第13話

 女子高生にしては騒がしい性格と弱虫の少女が去った後の水辺の家は、色を失ったみたいに整然としていた。

 フローグは、あの少女が何をしようとしているのか、なんとなく分かっていた。

 魔女の子の義務、と小さく胸の中で呟いてみる。

 この島のルールであり物語のサブタイトルのような文字列は、どうしようもない2回ある別れの形容であることを知っている。

 なんだか、ユキナのことを考えるとソワソワとしてしまいコーヒーを入れることにした。コーヒーメーカーのコポコポとした音が、一人きりの室内に響いている。

 フローグは、この島に批判的で悲観的な考えはない。それに、魔女のことを嫌ってはいるが、不純物を取り除いていくと結局は、恐怖心と言い直せる。

 どんな恐怖心か、と問われても答えるのは難しい。

 だって、魔女と自体が、絡み合う蔓のように複雑なのだ。

 コーヒーメーカの音が聞こえなくなって、マグカップにコーヒーを注いだ。

 ミルクを入れようかと小瓶に手をかけたが、ミルクがないことに気が付き、ブラックコーヒーで飲むことにした。

 白いマグカップの中で揺れる茶色の液体を口に含む。久しぶりに飲んだブラックコーヒーの苦みに、思わず顔を顰めた。

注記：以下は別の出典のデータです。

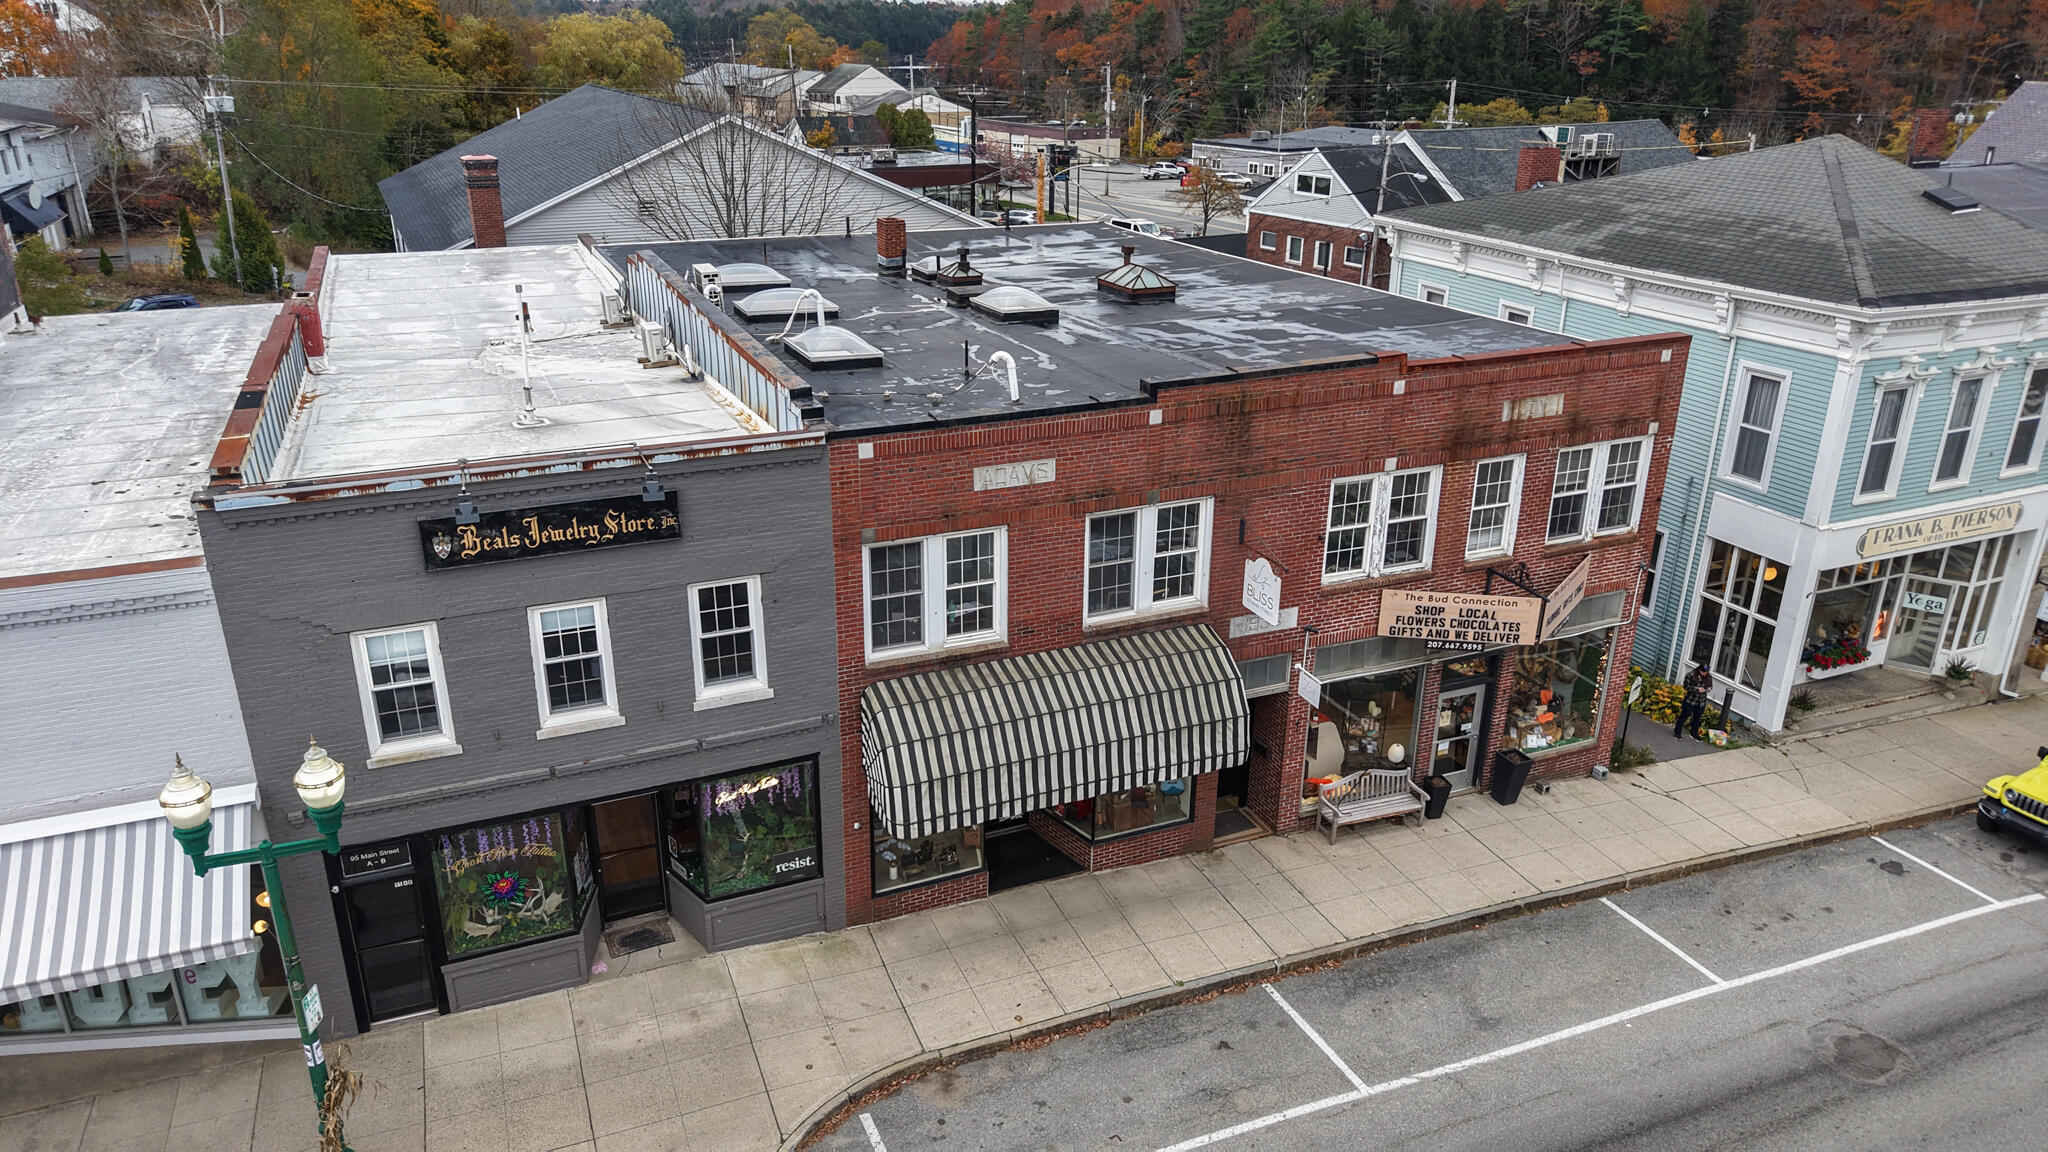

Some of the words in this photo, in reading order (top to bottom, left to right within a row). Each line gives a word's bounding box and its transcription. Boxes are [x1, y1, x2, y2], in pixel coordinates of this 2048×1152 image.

 ――オレの家にミルクが常備されるようになったのはいつからだっけ。

 と思い、遠い過去の魔女の子の義務を思い出した。

 あの時は、シャムロットが魔女の子の義務を背負っていたのだ。

 その時、ベルのチャイムが鳴り「入るぞ」と紳士なシャム猫が現れる。

 そして、しばらく部屋の中を見渡して。

「あの子は、魔女に会いに行ったのか?」

 と、過去を見るように優しく呟いた。

「あぁ、多分な。 昨晩に、魔女の使いと話してるのが聞こえたからな」

 シャムロットは、そうか、と呟いて、フローグの正面へと腰かけた。

「なんだ、猫のくせに珍しく感傷的だな」

「感傷的なんかじゃない。 少しだけ、懐かしんでるだけだ」

「そうかい」

 笑いながらコーヒーを飲む。

「ブラックコーヒーなんて珍しいな」

「どうにも今日は、オレたちにとって難しい日だな」

「全くだ」

 シャムロットとフローグは遠い過去に一度――魔女の子の義務を経験している。

 魔女からガラス玉のネックレスを奪った少女の名前を彼らは、一度も忘れたことはない。

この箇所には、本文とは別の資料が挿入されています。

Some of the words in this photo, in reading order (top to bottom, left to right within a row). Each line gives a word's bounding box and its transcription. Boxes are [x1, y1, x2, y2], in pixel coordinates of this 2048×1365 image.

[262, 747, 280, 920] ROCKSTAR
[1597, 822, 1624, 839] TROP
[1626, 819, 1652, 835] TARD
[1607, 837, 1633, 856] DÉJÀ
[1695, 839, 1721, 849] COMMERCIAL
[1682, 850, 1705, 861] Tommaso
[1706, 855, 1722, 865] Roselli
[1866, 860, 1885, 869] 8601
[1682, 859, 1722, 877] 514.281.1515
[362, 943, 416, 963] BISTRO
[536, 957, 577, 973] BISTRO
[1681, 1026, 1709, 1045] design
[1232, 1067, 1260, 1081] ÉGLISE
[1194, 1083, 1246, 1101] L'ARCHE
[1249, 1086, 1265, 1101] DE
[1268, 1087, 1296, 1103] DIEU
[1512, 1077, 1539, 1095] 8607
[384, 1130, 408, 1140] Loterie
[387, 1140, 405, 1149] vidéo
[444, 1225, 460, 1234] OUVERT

 フローグは、飲みかけのコーヒーが入ったマグカップをテーブルの上に置き、家を出る。

 そろそろ日も完全に暮れて真っ暗だ。こんな暗闇での強がりな女の子の心細さを彼は知っていた。だから、控えめのランプを持って迎えに行くのだ。


   *


 遅めの食卓につくと、心配の涙を浮かべたキツネと微笑みながら「おかえり」と呟くシャム猫、それからまだ温かい食事が歓迎してくれた。

 瑞々しく新鮮なサラダに湯気が立つクラムチャウダー、バターの香りが鼻を悪戯に掠めるパンは、いつものように私の空腹を刺激して、心の奥を優しく撫でてくれる。

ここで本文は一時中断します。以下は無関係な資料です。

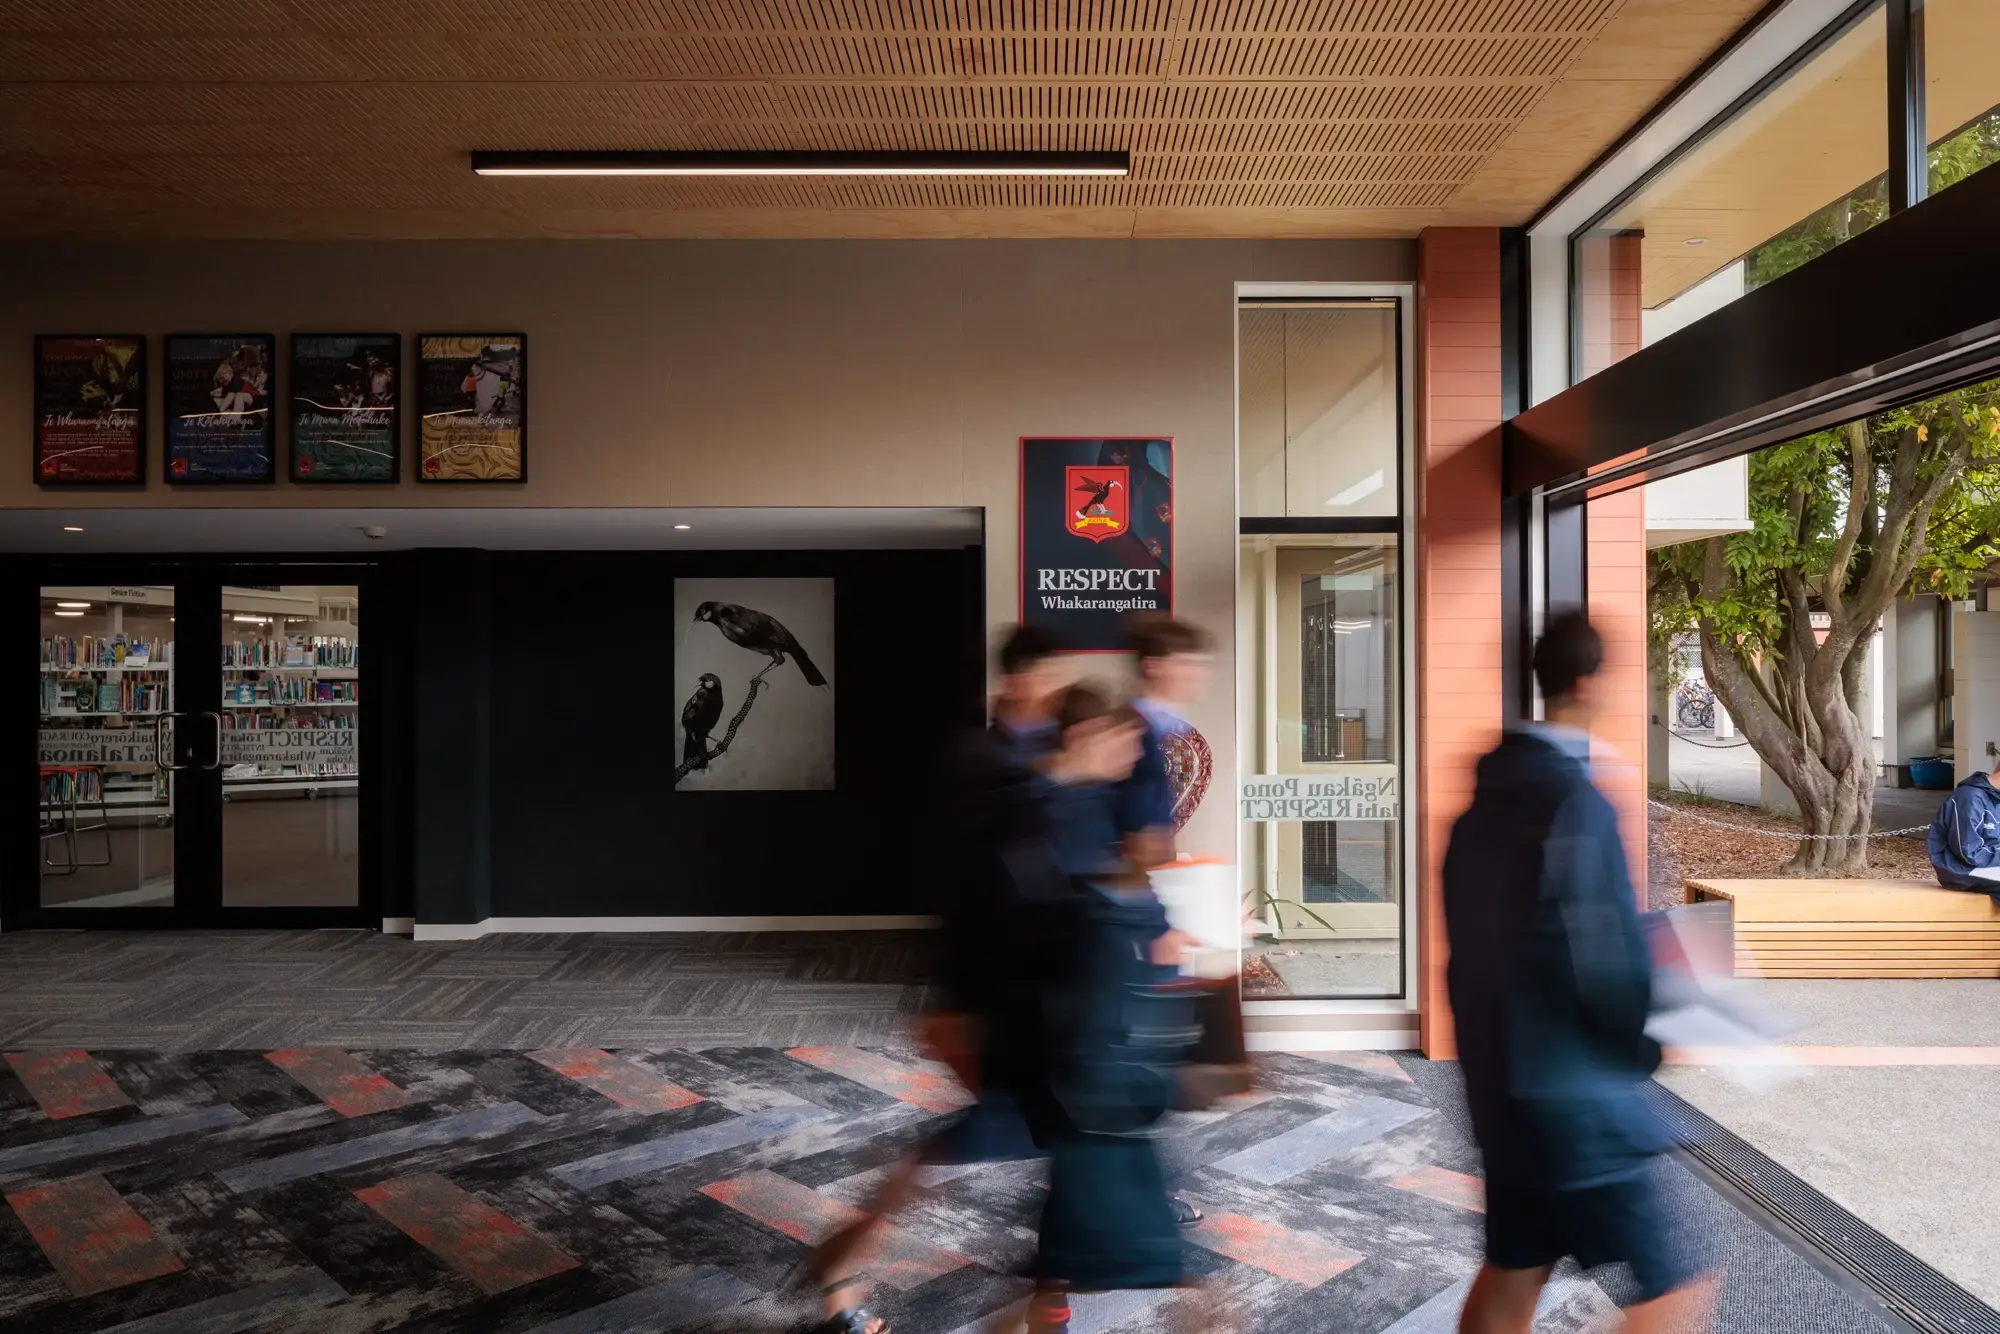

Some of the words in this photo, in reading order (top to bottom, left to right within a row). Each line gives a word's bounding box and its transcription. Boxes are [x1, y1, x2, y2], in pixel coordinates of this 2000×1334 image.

[44, 413, 56, 427] Te
[184, 416, 195, 427] Te
[299, 413, 309, 427] Te
[1037, 568, 1160, 591] RESPECT
[1040, 595, 1157, 613] Whakarangatira

 私には勿体ないくらい優しい獣たちと食卓を囲んでいると、やっぱり魔女への善悪が分からなくなる。

 クラムチャウダーの濃厚な味が口の中に広がった。

 今は、魔女のことなんてどうでもいい。

 こんなにも優しい笑顔が溢れている場所に、魔女を介入させたくない。今の瞬間は、私の独占物で理想の塊なのだ。

 

 夕食が終わると、トウカはモフモフの手で私の頬を挟み「無茶はいけないよ。 アタイが許さないからね」と厳しく言ってフローグの家を後にした。

 残ったのは、ソファーに寝ころぶカエルとキッチンで何かを作るシャム猫だ。

 私は外から、椅子代わりの丸太に座って、そんな二人を眺めている。

 クラムチャウダーと暖炉で火照った体に冬の風は心地よかった。

 バケツに縁どられた黒い空は、やけに低い位置から星も月も見せずに重く流れている。

 明日は本当に雨なのかもしれない、と思った。

「寒くないかい?」

 低く重みのある声が、チョコの甘い香りを添えて聞こえた。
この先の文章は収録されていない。